Aim of the exercise
Retype each entry verbatim. Do not include the images.

Material for this task
——————————

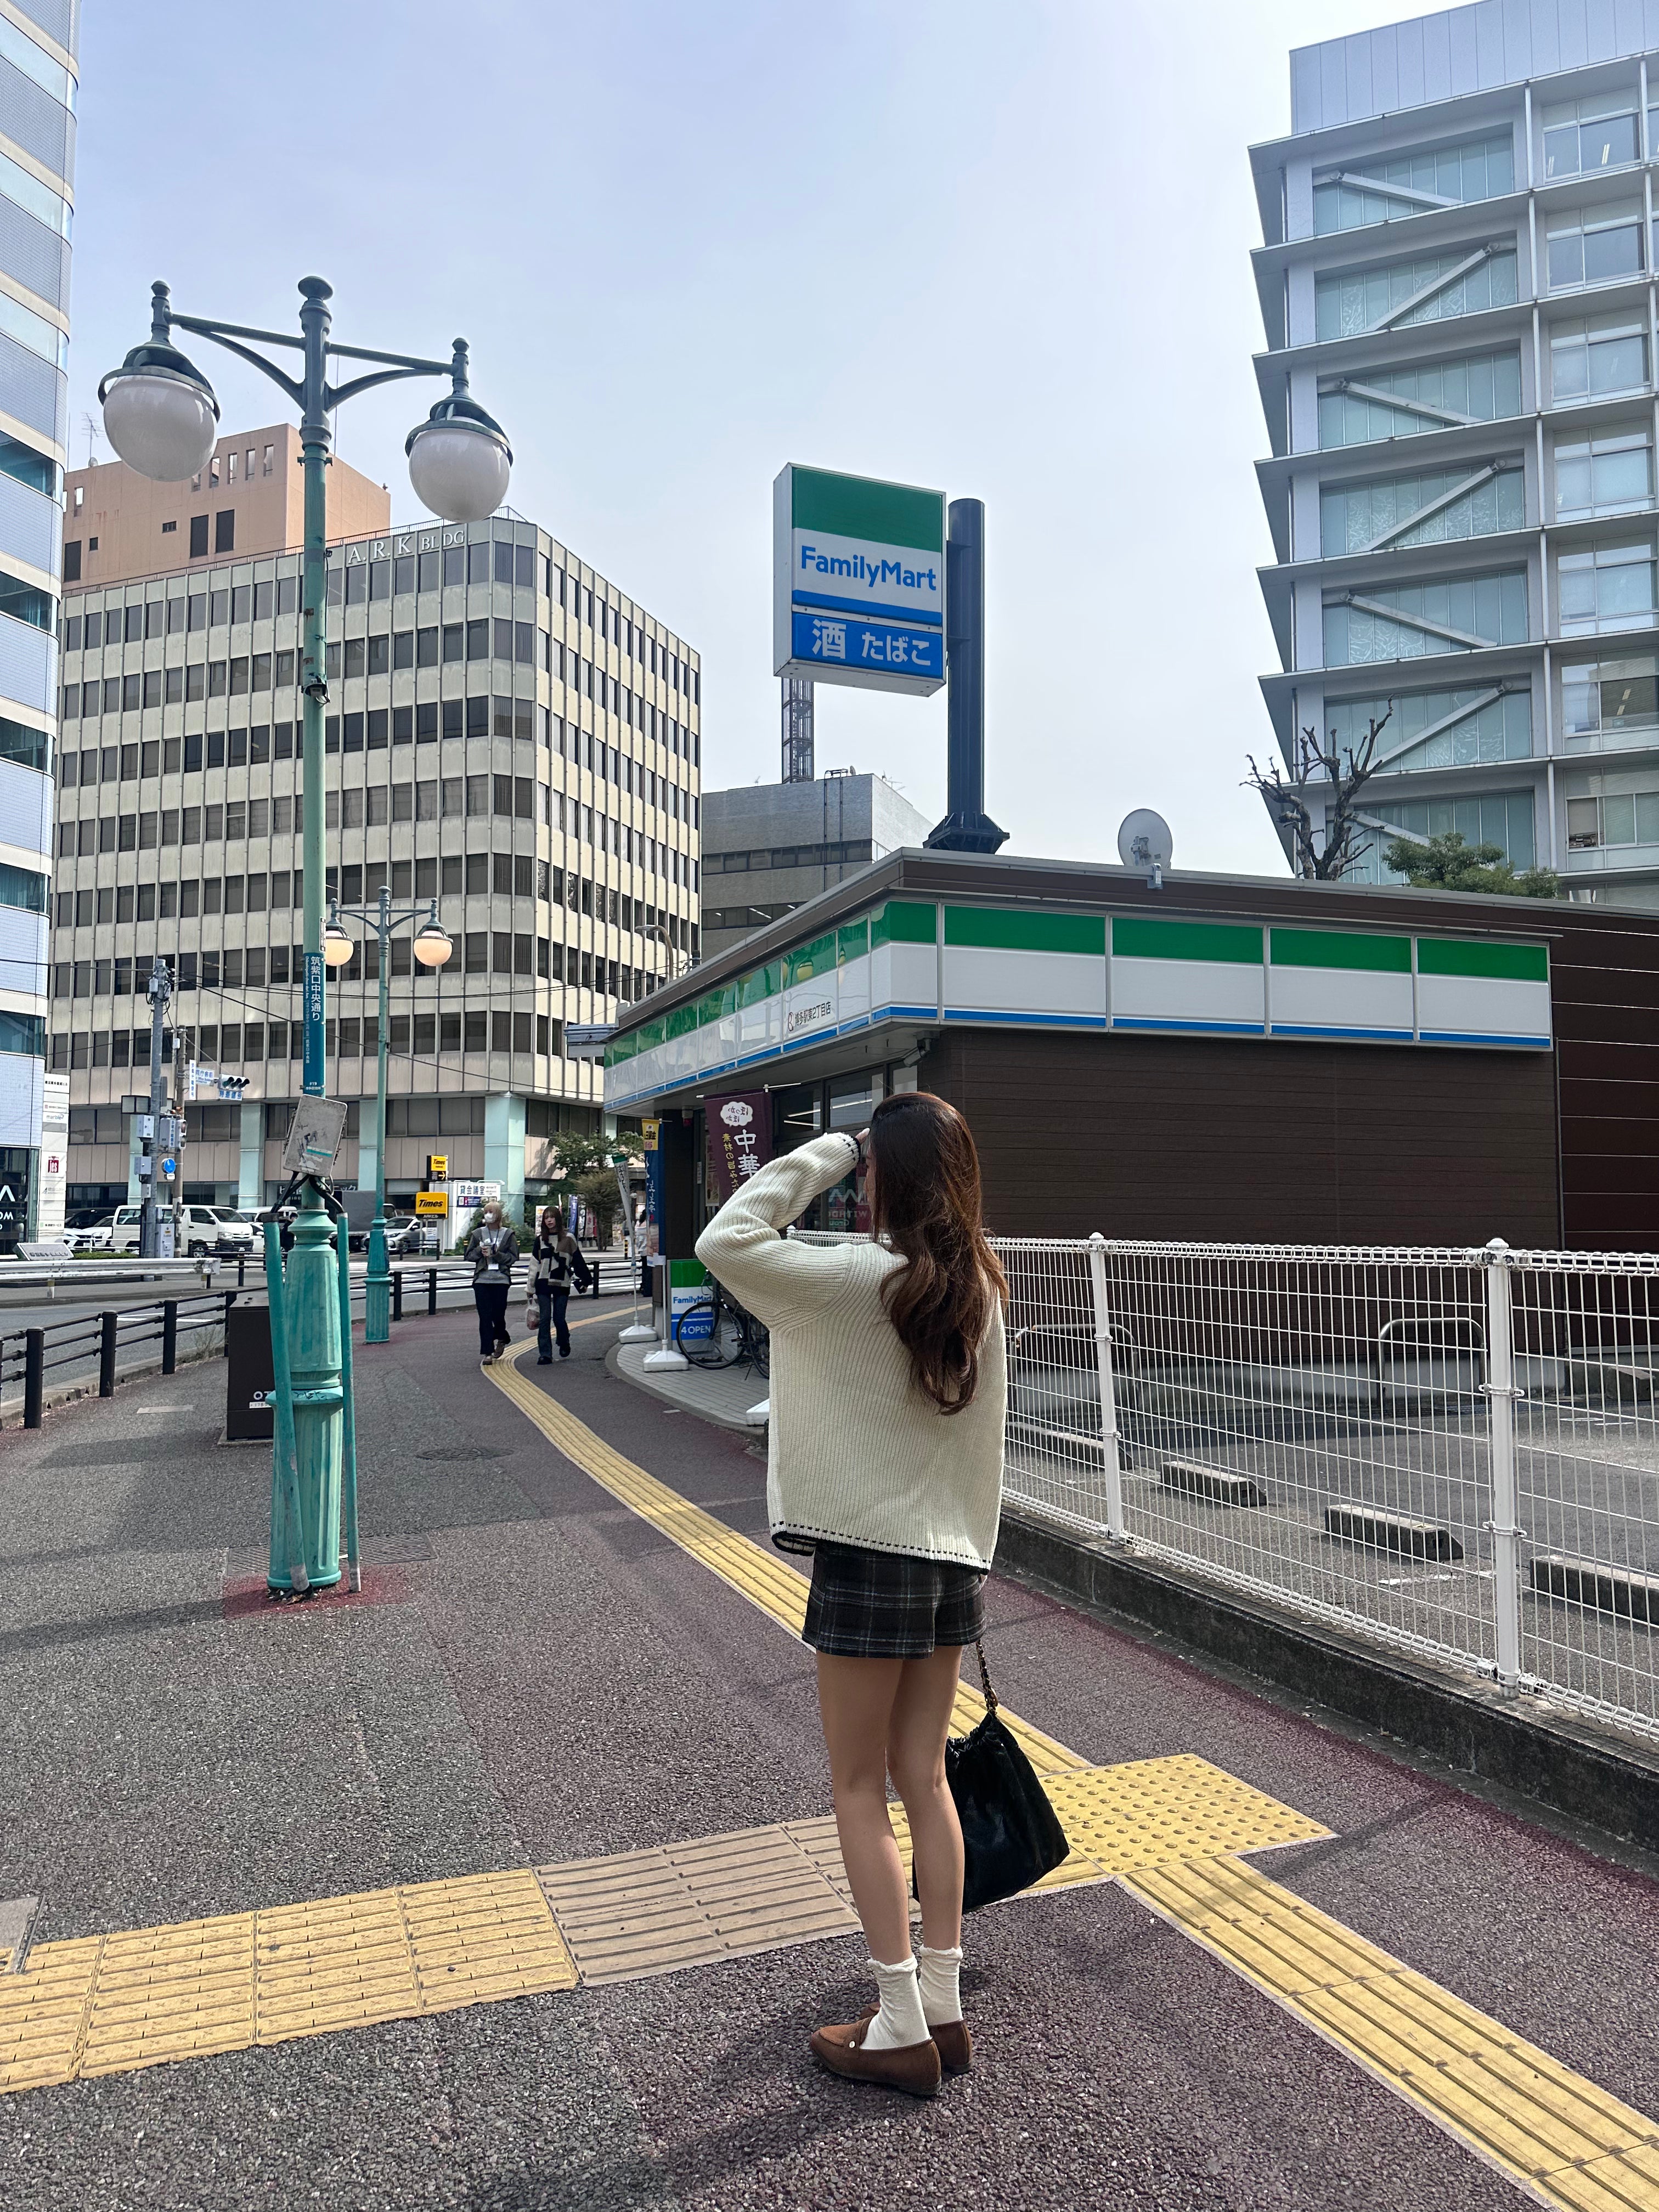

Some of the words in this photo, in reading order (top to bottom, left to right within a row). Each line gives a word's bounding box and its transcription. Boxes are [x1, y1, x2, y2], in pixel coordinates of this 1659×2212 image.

[801, 545, 937, 591] FamilyMart
[812, 618, 847, 659] 酒
[861, 631, 932, 667] たばこ
[311, 956, 321, 1021] 筑紫口中央通り
[794, 1001, 831, 1026] 博多駅東2丁目店
[419, 1199, 443, 1207] Times
[673, 1295, 712, 1304] FamilyMart
[687, 1325, 711, 1335] OPEN

——————————

Solution for this problem
Some of the words in this photo, in reading order (top to bottom, left to right within a row). Each line gives a word's bounding box and its transcription. Boxes are [x1, y1, x2, y2], in pixel coordinates of this 1659×2212 image.

[801, 545, 937, 591] FamilyMart
[812, 618, 847, 659] 酒
[861, 631, 932, 667] たばこ
[311, 956, 321, 1021] 筑紫口中央通り
[794, 1001, 831, 1026] 博多駅東2丁目店
[419, 1199, 443, 1207] Times
[673, 1295, 712, 1304] FamilyMart
[687, 1325, 711, 1335] OPEN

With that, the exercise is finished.